Vossius’s position on China, which was so extraordinary in the Republic of Letters,
might be explained by two factors. For one, his willingness to upend traditional Eurocentric views was embedded in the climate of philosophical and religious skepticism
fostered by Dutch Cartesianism from the 1650s onward. Here the efforts of Spinoza
and his adepts to arrive at a nonsectarian, nonconfessional method of interpreting
scripture played a central role. Spinoza appeared to take nascent biblical hermeneutics
to its radical conclusion with an “almost obsessive new application of the principle
of anachronism to biblical interpretation.”47 His Tractatus theologico-politicus (1670)
explicitly argued “that the Pentateuch, and the Books of Joshua, Judges, Ruth, Samuel
and Kings were not written by themselves;” this had serious implications.48 The discussions of the beginnings of history, which may eventually have caused Hornius’s mental
breakdown in Leiden, were at the heart of Protestant controversies concerning the
importance of natural versus divine law.
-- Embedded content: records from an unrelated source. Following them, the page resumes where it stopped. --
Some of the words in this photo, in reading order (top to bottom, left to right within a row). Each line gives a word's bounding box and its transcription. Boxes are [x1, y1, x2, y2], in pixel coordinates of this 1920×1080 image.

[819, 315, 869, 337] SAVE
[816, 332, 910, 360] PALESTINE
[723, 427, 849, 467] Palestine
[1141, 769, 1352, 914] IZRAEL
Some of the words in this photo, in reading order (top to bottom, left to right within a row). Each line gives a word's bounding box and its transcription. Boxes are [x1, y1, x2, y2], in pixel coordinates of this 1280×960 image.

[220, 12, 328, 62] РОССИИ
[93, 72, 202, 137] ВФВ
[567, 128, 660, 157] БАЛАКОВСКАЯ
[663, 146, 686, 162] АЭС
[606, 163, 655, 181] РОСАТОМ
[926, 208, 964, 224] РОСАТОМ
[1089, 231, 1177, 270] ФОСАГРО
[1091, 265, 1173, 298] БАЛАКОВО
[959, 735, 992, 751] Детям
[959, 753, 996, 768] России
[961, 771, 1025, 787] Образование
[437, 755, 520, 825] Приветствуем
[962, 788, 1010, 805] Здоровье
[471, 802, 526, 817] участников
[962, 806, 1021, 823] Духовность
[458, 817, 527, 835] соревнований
Nor, for that matter, were Catholics amused:
in 1686 some of Vossius’s works, including De vera aetate mundi, were even placed on
the Index of Prohibited Books. As Pinot concludes from studying a broad corpus of
early eighteenth-century texts on China, the debate about Chinese history was, up to
1740, an influential factor in radical ideas; questioning the date and universality of
the Great Flood was more common than doubt about Chinese chronology.49 This questioning was, moreover, clearly not limited to academia: Willem Beurs’s 1692 treatise
on oil painting, De groote wereld in het klein geschilderd (The big world painted small),
which was intended for practicing artists, also expressed the relative value of the Western
45.
46.
47.
48.
49.
Zwierlein, “Orient contra China,” 32.
Renaudot, Anciennes relations des Indes et de la Chine, 28–29.
Preus, Spinoza and the Irrelevance of Biblical Authority, 181.
Spinoza, Tractatus theologico-politicus, 161.
Pinot, La Chine et la formation de l’esprit philosophique, 278–79, 471.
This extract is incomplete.